One of these challenges is using the latest language models such as GPT3 or those available in the HuggingFace hub within KNIME as components. In this way, non-technical profiles will be able to take advantage of their capabilities in tasks such as topics classification, unstructured information extraction, or text generation without having to code.
Just an intro to GPT3
In the last years we have seen how AI algorithms and models have been widely developed. One of the last shocking advancements around this topic is the release of GPT3, the biggest NLP (Natural Language Processing) model at the time of its release, done by OpenAI.
This model has been developed by keeping the focus on the text-generation task. Do you wonder why? Well, this task allows us to design any other NLP task we want having a small bunch of examples or even any example at all. These ways of using the model are the so-called few-shots (including one-shot) and zero-shot approaches, respectively.
Knowing that GPT3 could be considered as a highly generalist model, that will have fewer problems when adapting to ‘new’ tasks. This made us think about how we could design a more generic and user-friendly approach to use this model in KNIME, which leads to our workflow. Let’s start by defining the challenge we face in a sufficiently abstract way so that we can generalize it into a component within KNIME.
Use case: Topic description or naming
Imagine that you are asked about the latest topics that are being discussed in the bibliography on a particular topic, e.g. quantum computing. How would you give an answer? What would be your mental scheme? In what major tasks would you have to divide the problem in order to give an initial analysis? And above all, how do you organize it to be able to reprocess the documents in case they change?

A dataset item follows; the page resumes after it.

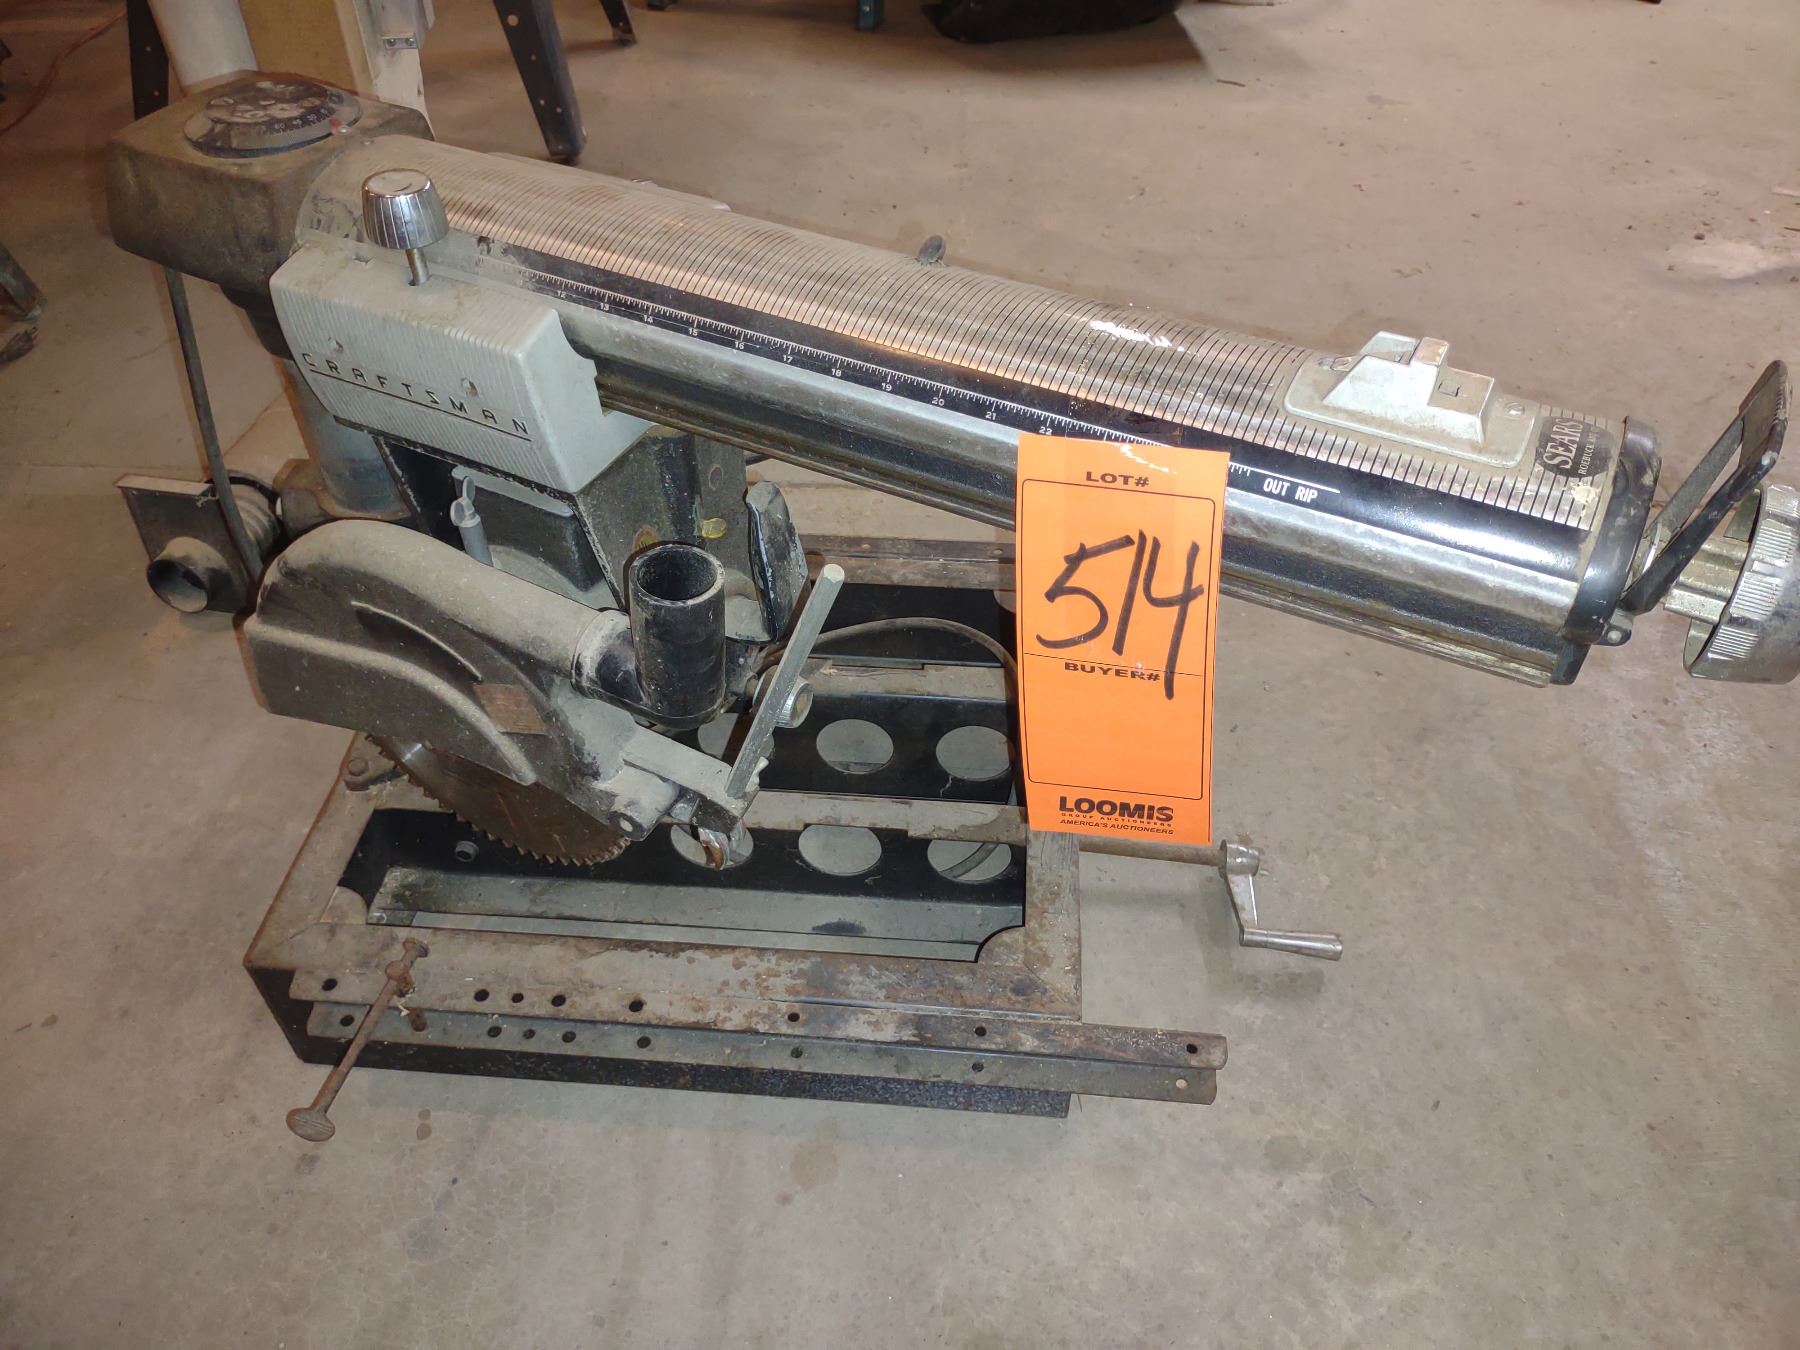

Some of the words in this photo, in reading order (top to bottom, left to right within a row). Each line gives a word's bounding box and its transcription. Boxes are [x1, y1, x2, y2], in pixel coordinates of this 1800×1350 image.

Let’s start with the information sources: in this case, we can choose a source that aggregates all that information about articles, conferences, books, reviews, … Semantic Scholar.

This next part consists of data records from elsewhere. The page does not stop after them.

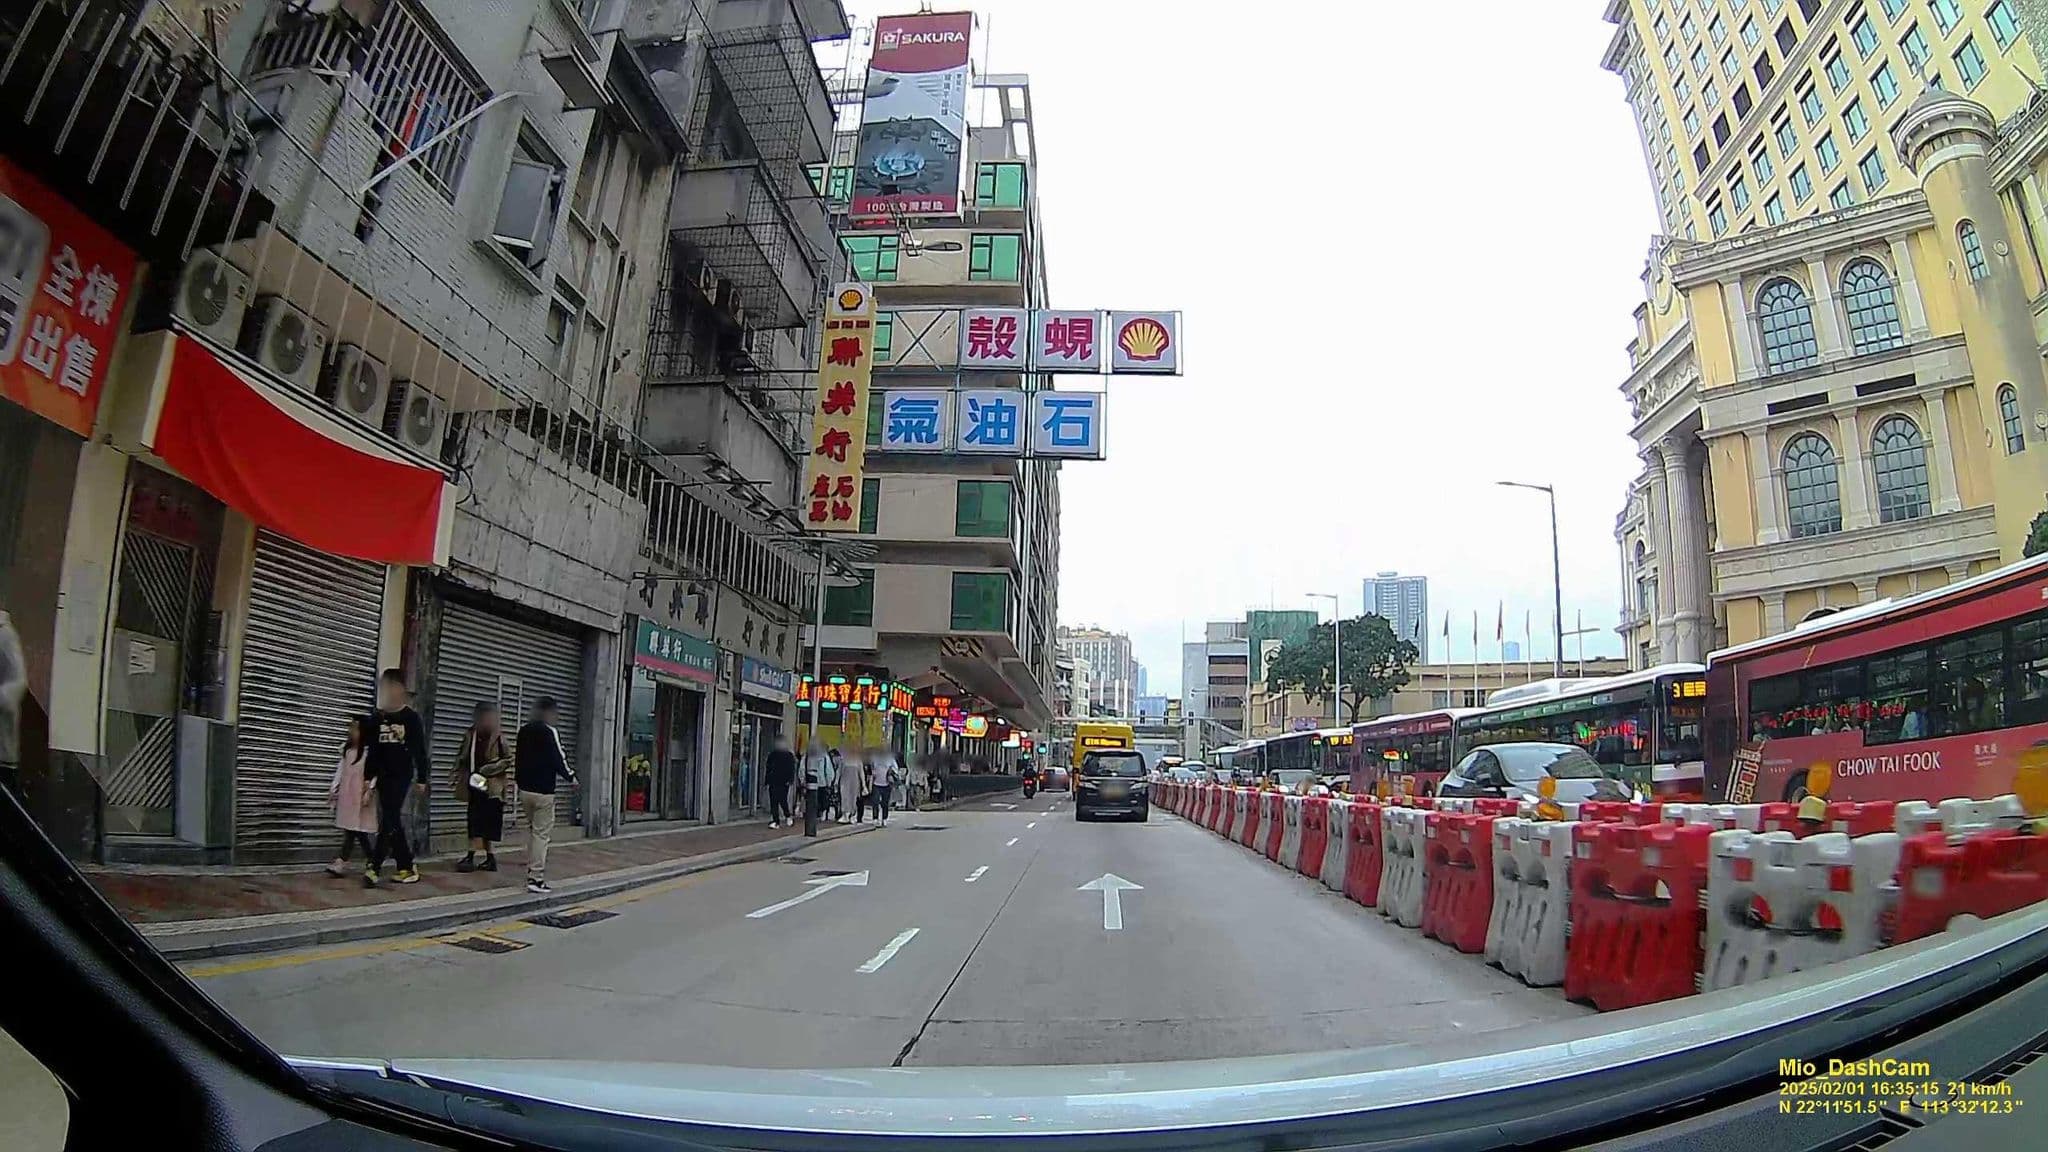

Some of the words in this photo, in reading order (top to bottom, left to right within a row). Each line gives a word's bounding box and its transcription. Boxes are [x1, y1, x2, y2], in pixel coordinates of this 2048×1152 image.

[902, 31, 965, 45] SAKURA
[22, 314, 99, 398] 出售
[797, 681, 881, 705] 珠寶金行
[1673, 682, 1680, 698] 3
[1837, 757, 1879, 778] CHOW
[1881, 755, 1899, 773] TAI
[1903, 751, 1942, 771] FOOK

The two main reasons for choosing S2 would be: first, it is a free tool with more than 203 million documents and, second, it has an API that allows us to consult it in an automated way. In addition, its API has a number of AI-enhanced functions that make it very interesting for automatic processing.
Once we have the data (the documents), we will start processing them. There are infinite techniques within the NLP area that we could do but we will focus on topic discovery or topic modeling. Here KNIME with its node “Topic Extractor (Parallel LDA)” will be able to help us. Here is some information on how an LDA (Latent Dirichlet Allocation) model works.
Remember that we have been asked to organize the bibliography by the topics the documents talk about. One of the problems with Topic Modeling is that to describe the clusters of documents it has generated, it uses the most relevant keywords of each cluster but does not describe the cluster. This is where GPT3 and its text generation capabilities come to our rescue.
Objective: few-shots and let GPT3 component do the magic
As the tables are the most common data type used in KNIME, almost all the capabilities are designed for their manipulation, their data visualization, etc. This made us clear that we had to focus on this type of data, and we decided to make a kind of ‘fill the table’ component. The initial definition by a profile closer to the business of our component could be:
“I need a component that takes some input data (the cluster keywords) and generates a descriptive text for that cluster. To help the model, I can generate some example output.”One of our business analyst colleagues after discussing it with a manager
So, it would seem that we would have to design an “information completion” component.
After some iterations, this is the proposed workflow with the different stages. In this case, we have used different resource types: Standard Components and Python packages. We will now describe it in detail:
- Given a set of keywords for our searches, they are included in the table that will trigger the process.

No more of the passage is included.